Um relatório da consultora PWC indica que no ano passado os negócios com ativos de gás, eletricidade e energias renováveis ascendeu a 224 mil milhões de euros.

Miguel Prado

Miguel Prado

Jornalista

O valor global de fusões e aquisições no setor energético mundial cresceu 70% em 2014, para 243 mil milhões de dólares, o equivalente a 224 mil milhões de euros, revela um relatório divulgado esta segunda-feira pela consultora PWC.

A mais recente edição do relatório "Power and Renewables Deals", que não contempla a indústria petrolífera, indica que o número de transações permaneceu estável face a 2013, cifrando-se em 1.043 negócios, mas o valor total das operações disparou, com quase 49% dos montantes concentrados na área do gás, cerca de 41% na eletricidade e os restantes 10% envolvendo ativos de energias renováveis.

A América do Norte foi o destino de 65% dos investimentos, seguida da Europa, com um peso de 16%, e a região Ásia-Pacífico, com 11%, de acordo com o relatório da PWC. O principal impulso no crescimento das aquisições na América do Norte foi dado por via de negócios envolvendo a compra de gasodutos nos Estados Unidos da América. 

Segundo a mesma fonte, "o número de negócios envolvendo ativos europeus desceu 7% face ao ano anterior, enquanto o valor das transações baixou 13%". O relatório nota que a descida nas fusões e aquisições no setor energético europeu "reflete uma incerteza regulatória, que está a levar algum tempo para ser resolvida", bem como os constrangimentos vividos por algumas empresas de eletricidade.

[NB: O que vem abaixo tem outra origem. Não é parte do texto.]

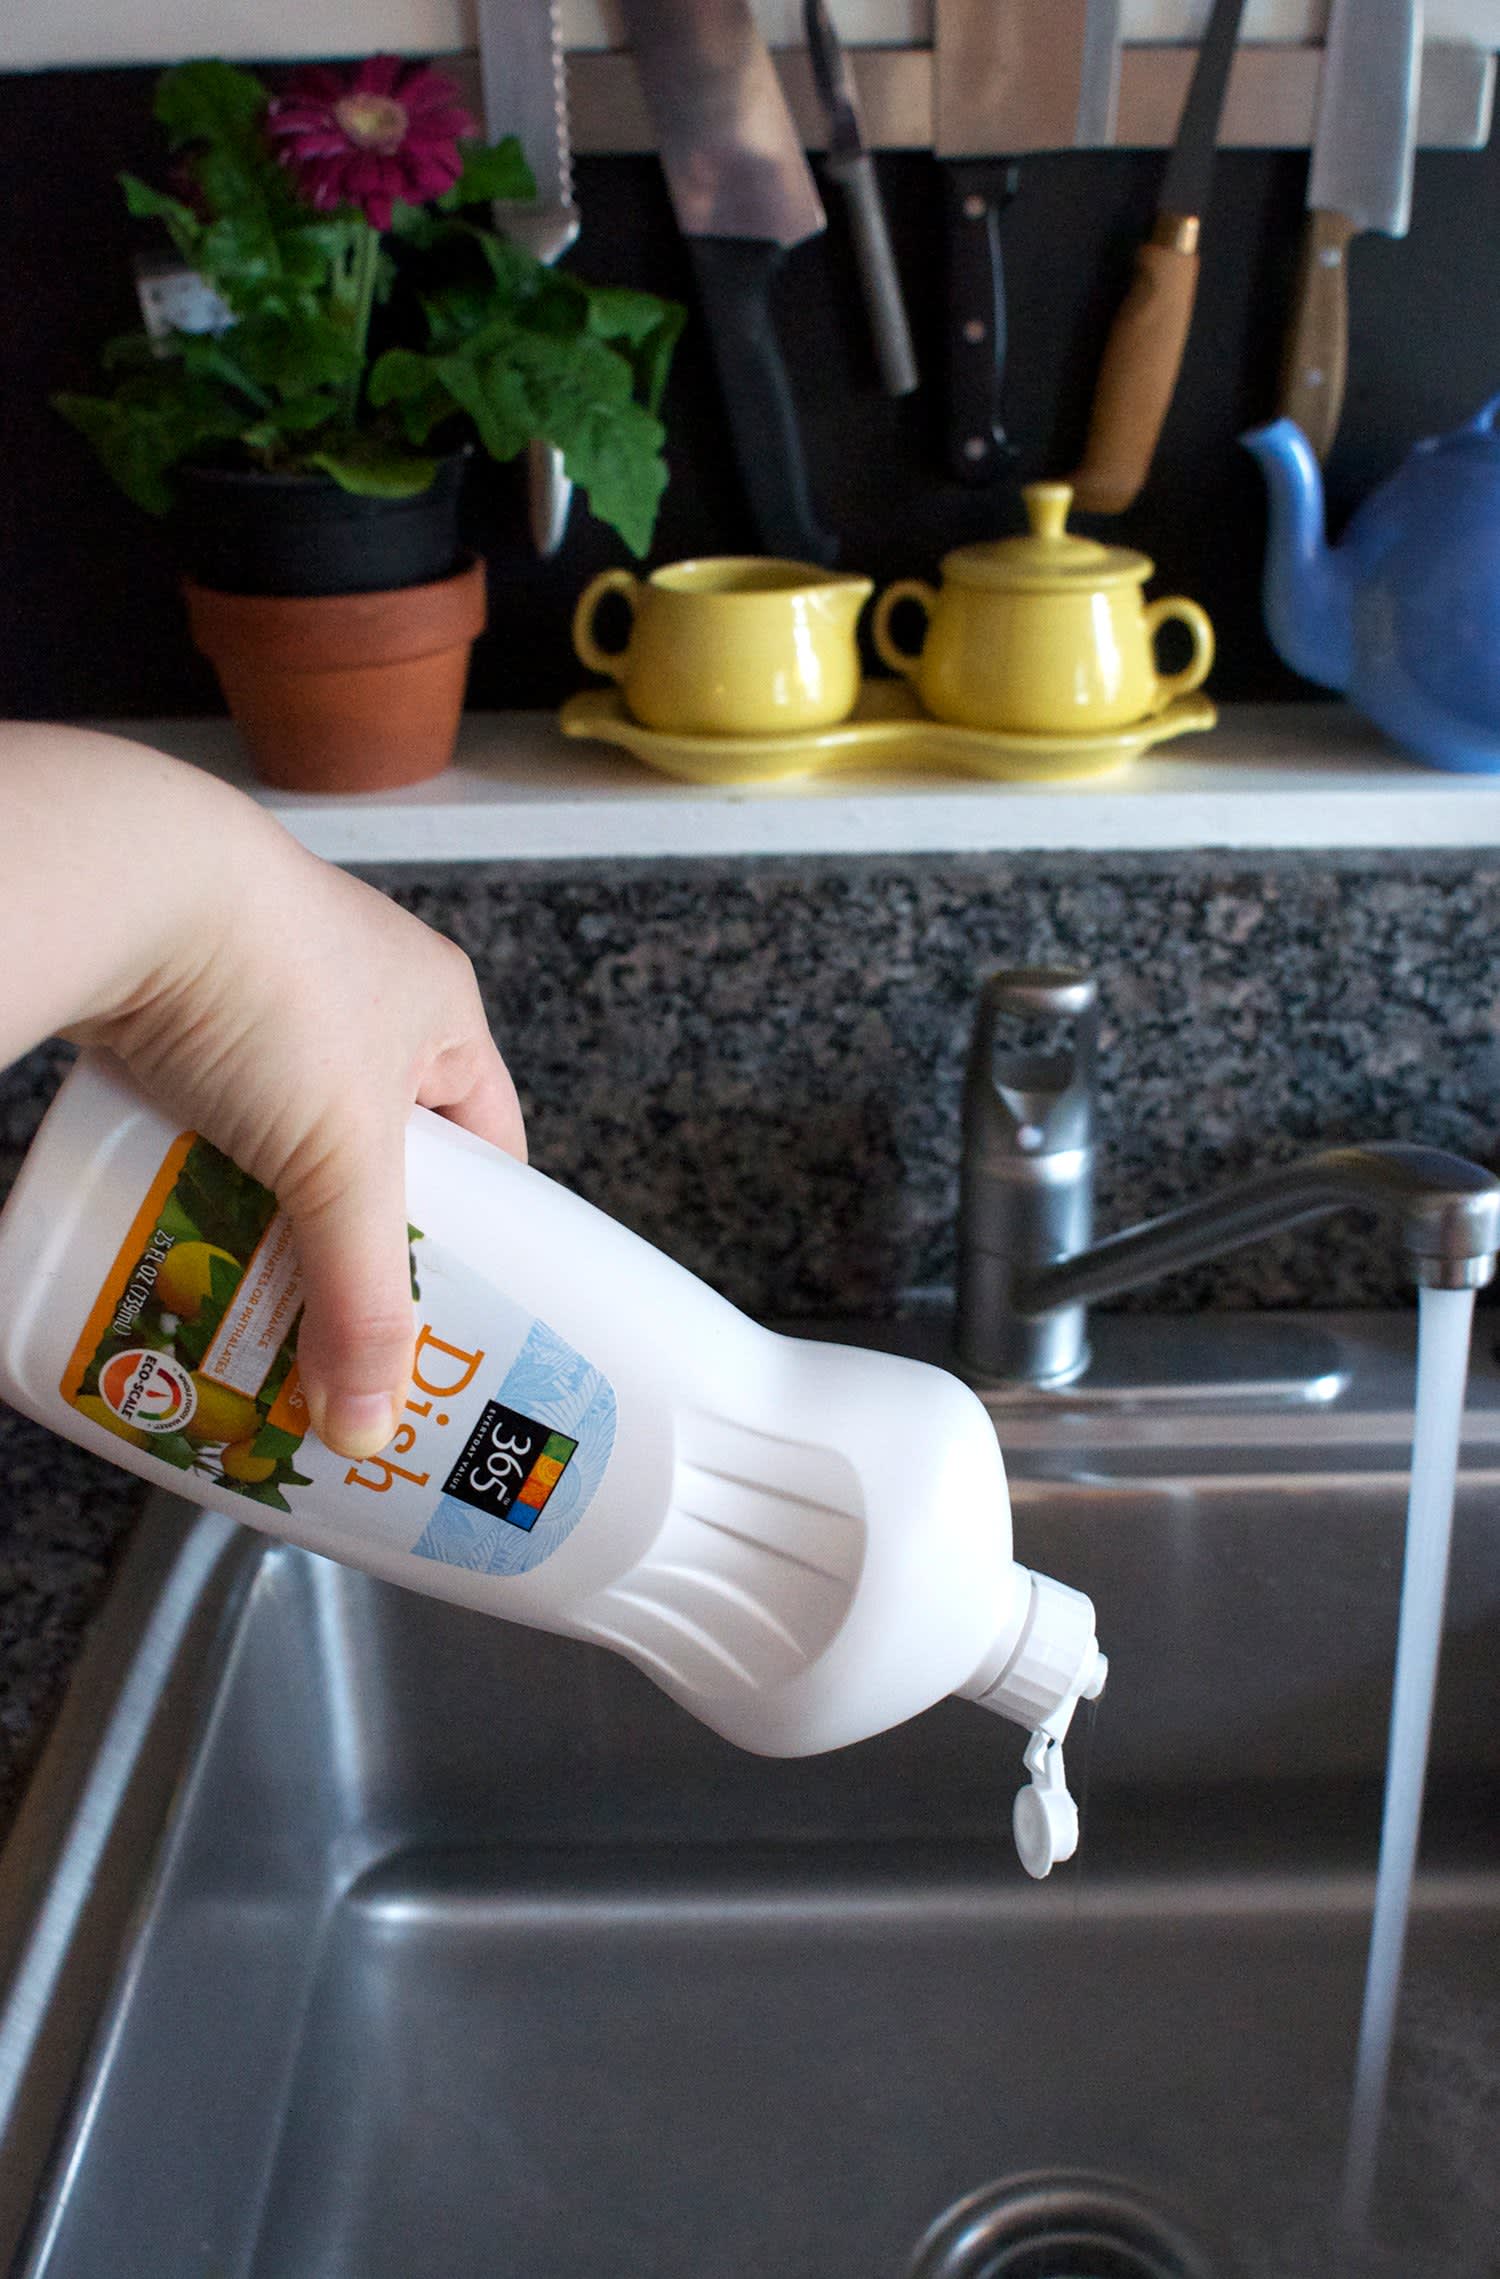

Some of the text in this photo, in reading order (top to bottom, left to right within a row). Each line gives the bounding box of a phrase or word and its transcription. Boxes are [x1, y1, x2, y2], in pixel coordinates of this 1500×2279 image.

A análise da PWC destaca, entre outros casos, a necessidade de desalavancagem de alguns grupos europeus, como a alemã E.ON, que no ano passado protagonizou a segunda maior alienação no Velho Continente, ao vender os seus ativos em Espanha e Portugal a um fundo de infraestruturas da Macquarie.

Segundo a PWC, atualmente os maiores compradores globais de ativos energéticos são fundos de pensões e investidores institucionais, além de fundos soberanos e de infraestruturas e de companhias estatais chinesas (como é o caso da State Grid, maior acionista da REN - Redes Energéticas Nacionais).